Content starts

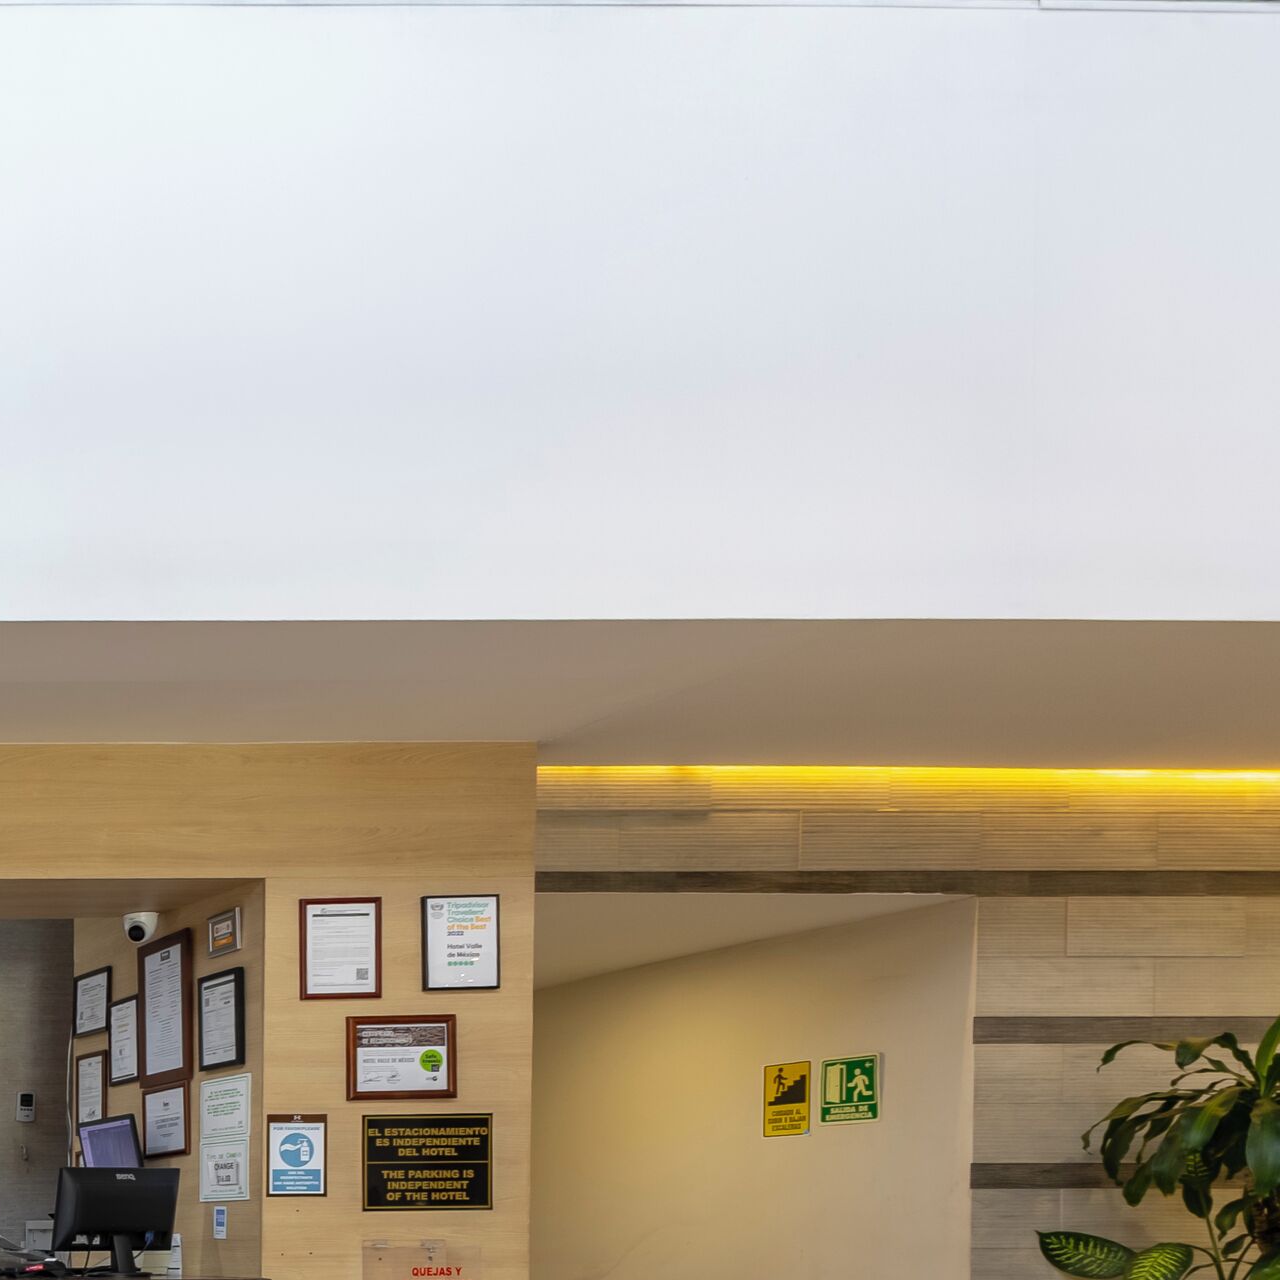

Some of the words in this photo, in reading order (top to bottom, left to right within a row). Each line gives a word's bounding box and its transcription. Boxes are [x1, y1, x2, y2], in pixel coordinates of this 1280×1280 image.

[858, 1104, 869, 1112] DE
[368, 1128, 382, 1136] EL
[384, 1127, 489, 1136] ESTACIONAMIENTO
[375, 1138, 390, 1147] ES
[392, 1137, 481, 1146] INDEPENDIENTE
[397, 1148, 420, 1156] DEL
[421, 1147, 459, 1156] HOTEL
[381, 1170, 406, 1179] THE
[407, 1169, 460, 1179] PARKING
[462, 1169, 475, 1178] IS
[386, 1180, 470, 1190] INDEPENDENT
[386, 1192, 403, 1201] OF
[404, 1192, 428, 1200] THE
[430, 1191, 470, 1200] HOTEL
[411, 1266, 452, 1277] QUEJAS
[455, 1266, 462, 1276] Y

Content ends

◆ Activity
The material above must be printed exactly, with its pictures left out.

◆ Answer to this problem
Some of the words in this photo, in reading order (top to bottom, left to right within a row). Each line gives a word's bounding box and its transcription. Boxes are [x1, y1, x2, y2], in pixel coordinates of this 1280×1280 image.

[858, 1104, 869, 1112] DE
[368, 1128, 382, 1136] EL
[384, 1127, 489, 1136] ESTACIONAMIENTO
[375, 1138, 390, 1147] ES
[392, 1137, 481, 1146] INDEPENDIENTE
[397, 1148, 420, 1156] DEL
[421, 1147, 459, 1156] HOTEL
[381, 1170, 406, 1179] THE
[407, 1169, 460, 1179] PARKING
[462, 1169, 475, 1178] IS
[386, 1180, 470, 1190] INDEPENDENT
[386, 1192, 403, 1201] OF
[404, 1192, 428, 1200] THE
[430, 1191, 470, 1200] HOTEL
[411, 1266, 452, 1277] QUEJAS
[455, 1266, 462, 1276] Y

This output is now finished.